Washington Performing Arts Announces Winners of Feder String Competition
The 50th annual competition, held entirely online this year due to the pandemic, welcomed a record 146 participants from Washington, D.C., Virginia, and Maryland
The Joseph and Goldie Feder Memorial String Competition, established by Goldie Feder in honor of her late husband, is open to violin, viola, cello, and double bass students in grades K-12 in the Washington, D.C. area. The competition’s goal is to help participants gain performance and competition exposure, as well as experience interpreting new works.
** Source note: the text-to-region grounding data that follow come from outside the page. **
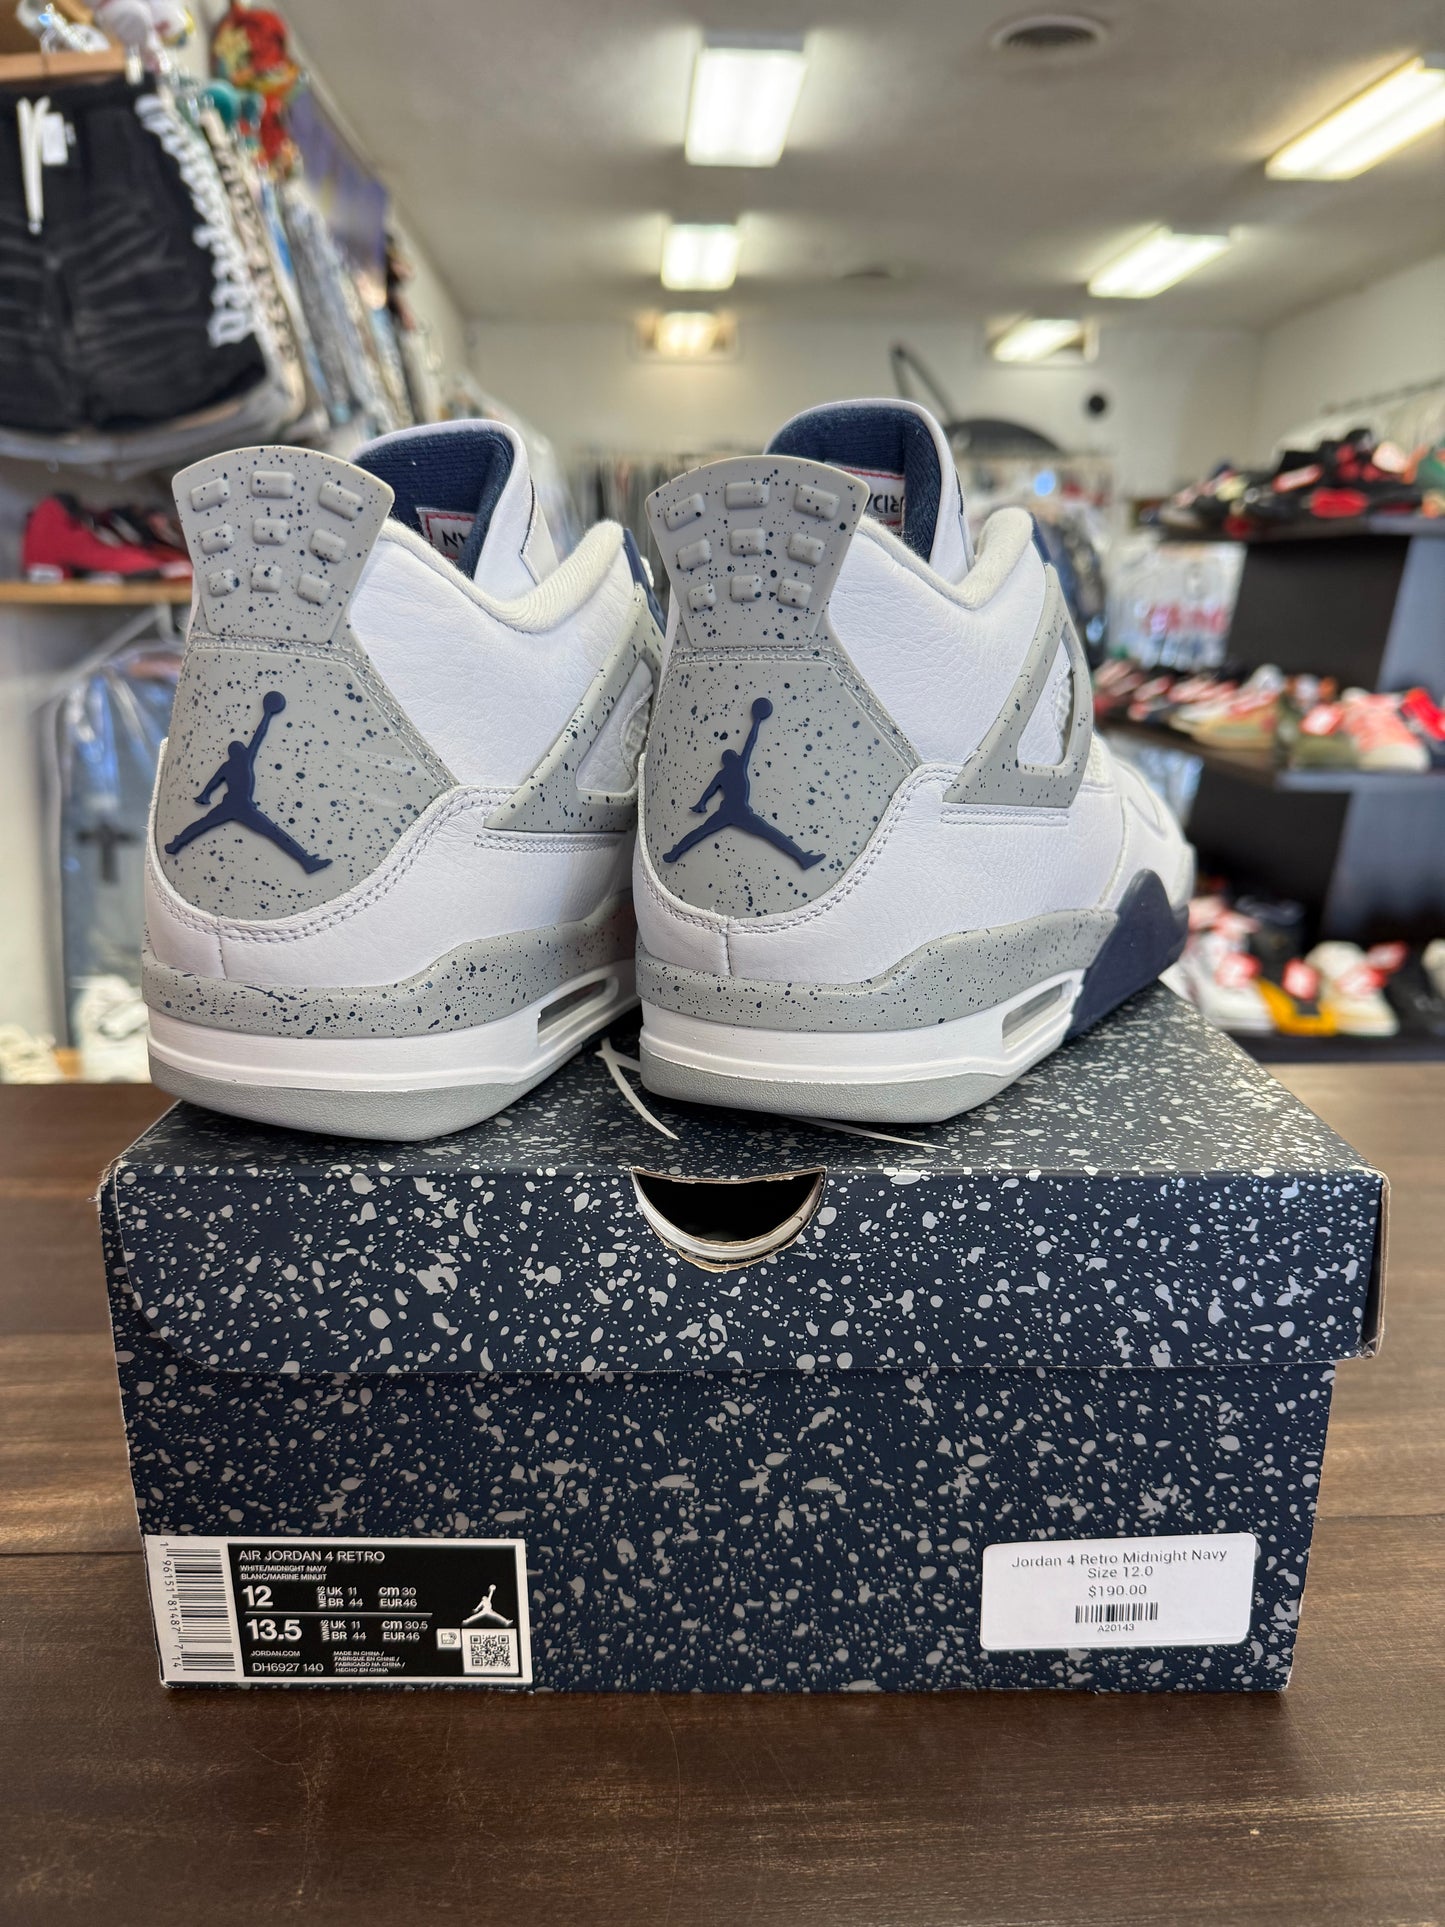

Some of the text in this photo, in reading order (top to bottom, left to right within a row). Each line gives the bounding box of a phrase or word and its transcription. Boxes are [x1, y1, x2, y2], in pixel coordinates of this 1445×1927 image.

[239, 1550, 386, 1563] AIR JORDAN 4 RETRO
[1011, 1549, 1228, 1568] Jordan 4 Retro Midnight Navy
[162, 1560, 175, 1593] 96151
[1087, 1566, 1154, 1578] Size 12.0
[242, 1585, 274, 1607] 12
[317, 1585, 327, 1608] MENS
[326, 1586, 417, 1597] UK 11 cm 30
[1088, 1584, 1147, 1598] $190.00
[328, 1598, 344, 1607] BR
[349, 1598, 364, 1607] 44
[167, 1600, 181, 1632] 81487
[246, 1618, 302, 1641] 13.5
[320, 1619, 330, 1641] WMNS
[330, 1620, 428, 1630] UK 11 cm 30.5
[1097, 1623, 1135, 1633] A20143
[331, 1632, 348, 1640] BR
[352, 1632, 367, 1640] 44
[252, 1662, 324, 1673] DH6927 140
This year, the Washington Performing arts commissioned pieces by highly-regarded American composers Jessica Meyer and Daniel Bernard Roumain (DBR) for the competition’s 50th anniversary.
The full list of first prize and scholarship winners include:
Violin: Ari Han (Advanced), Yixuan Li (Intermediate), Raymond Lim (Aspiring), Wakana Hatta (Beginner)
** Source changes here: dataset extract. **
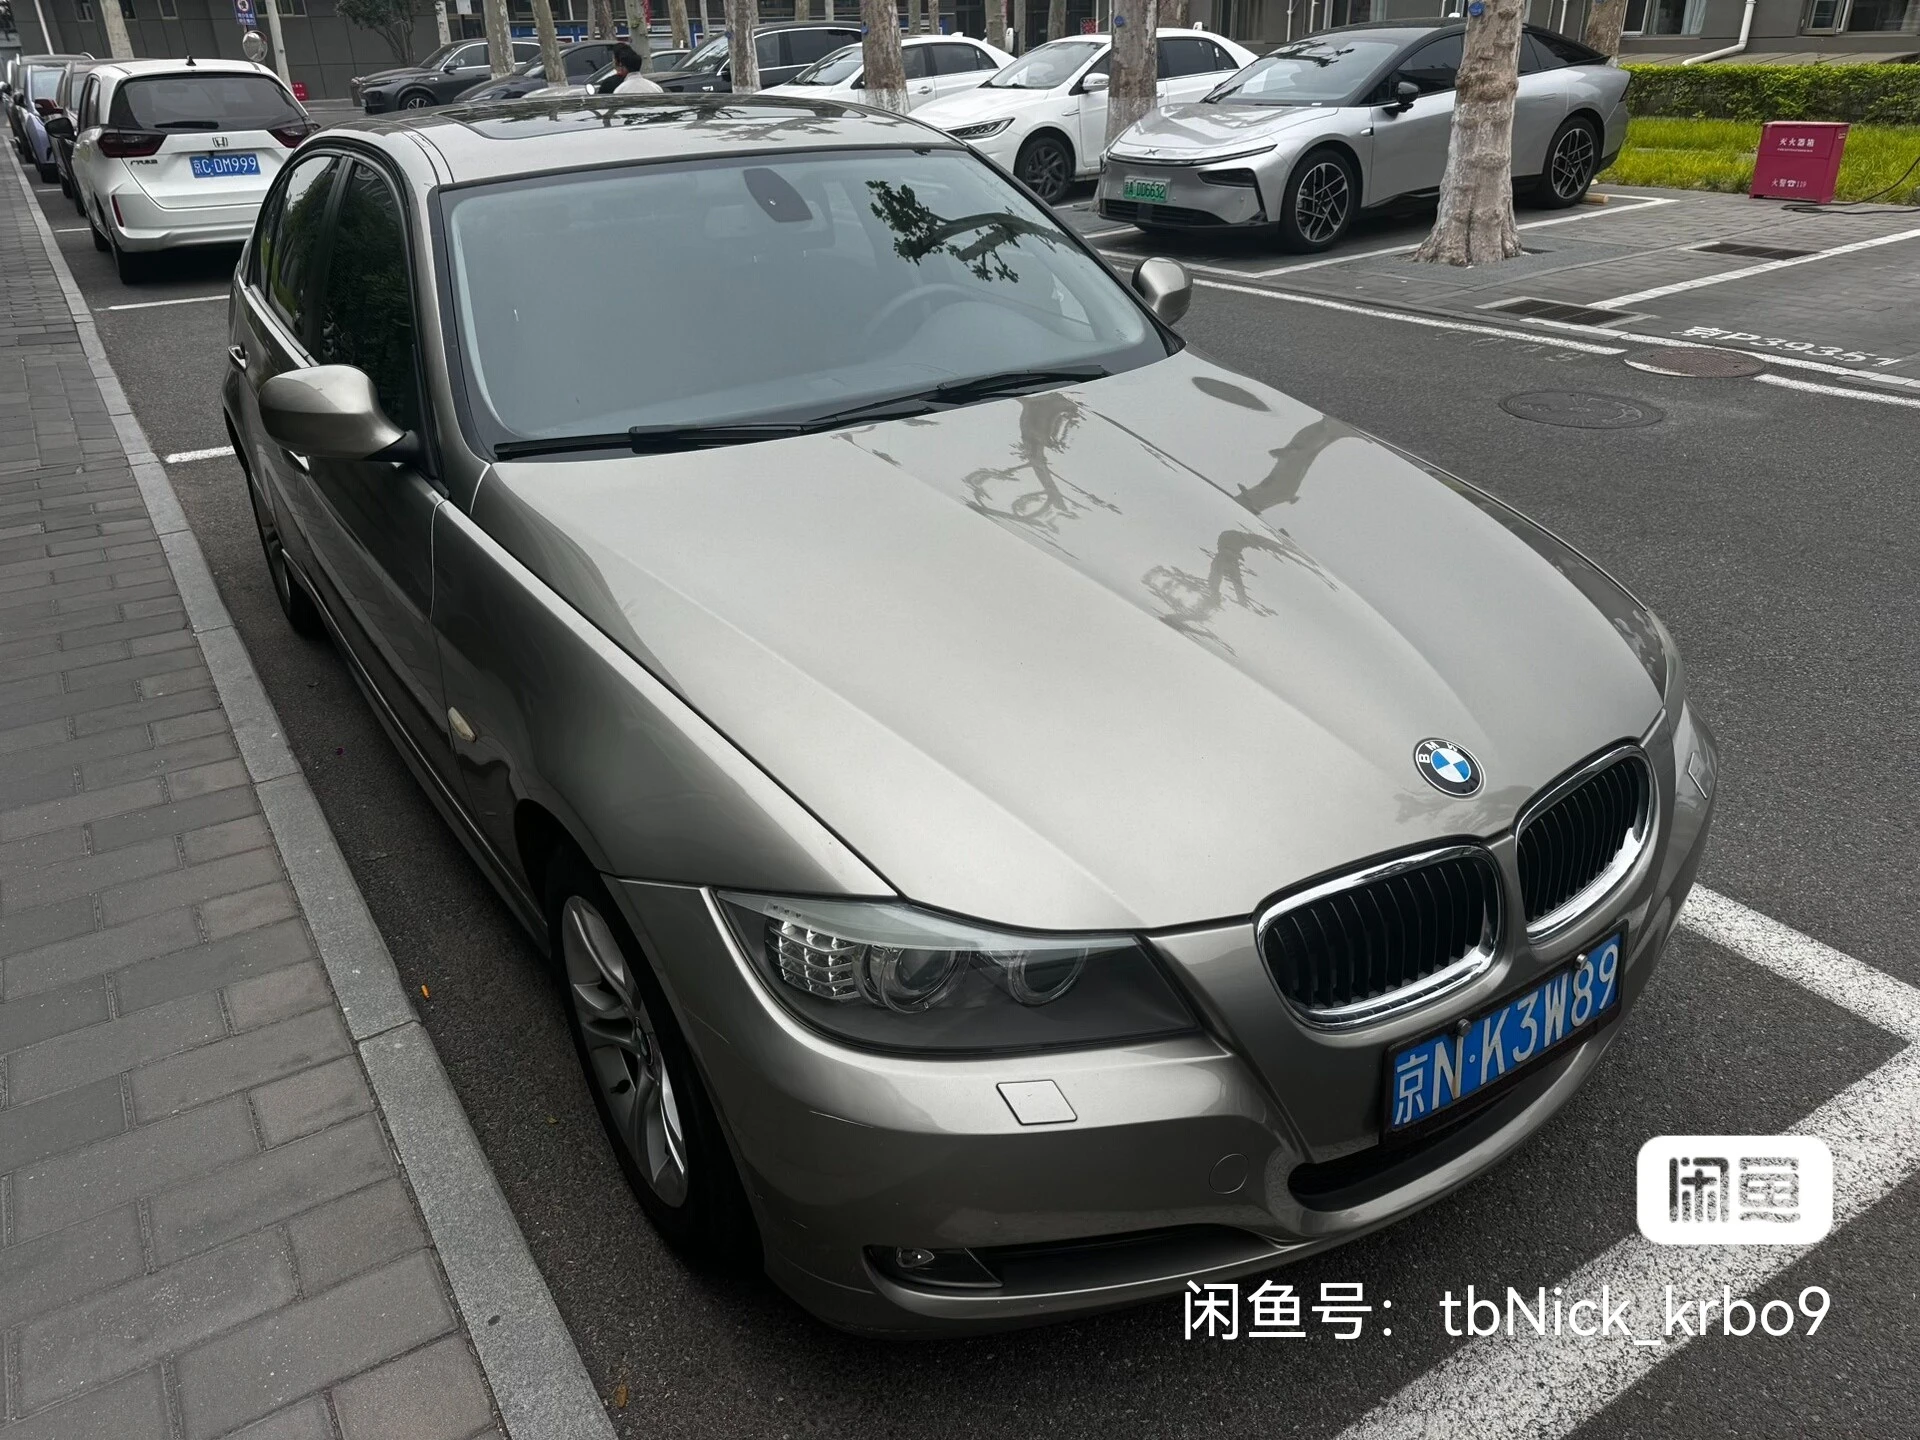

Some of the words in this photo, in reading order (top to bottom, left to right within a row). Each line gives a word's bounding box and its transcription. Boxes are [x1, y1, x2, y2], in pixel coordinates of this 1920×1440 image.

[1779, 137, 1815, 147] 灭火器箱
[1670, 325, 1903, 367] 京P39351
[1394, 944, 1619, 1125] 京N·K3W89
Viola: Zoey Ma (Advanced), Emma Zou (Intermediate), James Eibner-Gebhardt (Aspiring)
Cello: Nicole Fang (Advanced), Emmanuel Liu (Intermediate), Jonathan Shin (Aspiring), Olivia Kim (Beginner)
Double Bass: Anderson Bernal
Washington Performing Arts Scholarship: Emmanuel Liu, Jonathan Shin
Goldie B. Feder Award: Runa Matsushita
Washington Performing Arts Women’s Committee Award: Nicole Fang
Misbin Family Memorial Award: Yixuan Li, Raymond Lim, Wakana Hatta, Anna Lee, Joshua Thrush, Olivia Kim
Misbin Family New Talent Award: Eunice Park
Tutorial Award: Zoey Ma, Anderson Bernal
“It’s inspiring to hear these young musicians and witness the level of talent and dedication that they bring to mastering their instruments,” Washington Performing Arts Director of Education and Community Engagement Michelle Hoffman said. “It is our goal that the Feder Competition teaches students valuable lessons about themselves and about the role they can play in advancing music in their schools and communities.”
Students select repertoire from a list arranged by instrument and level, and each of the competition’s 33 finalists learned and premiered a newly commissioned work by either Meyer or DBR. Meyer, a Grammy Award-winning composer, wrote viola works including “Farewell Song” and “Tempest.” DBR, a composer whom New York Times has lauded as “about as omnivorous as a contemporary artist gets,” composed pieces dedicated to victims of hate crimes or violence — including one in honor of George Floyd, who was murdered by police last year.
Winners received monetary prizes and support for private lessons, summer festivals, and pre-college music programs. Monetary prizes ranged from $25 to $350, and scholarships toward tuition for music education programs ranged from $600 to $1,500. Further, the competition helps connect students in need with instrument loan programs.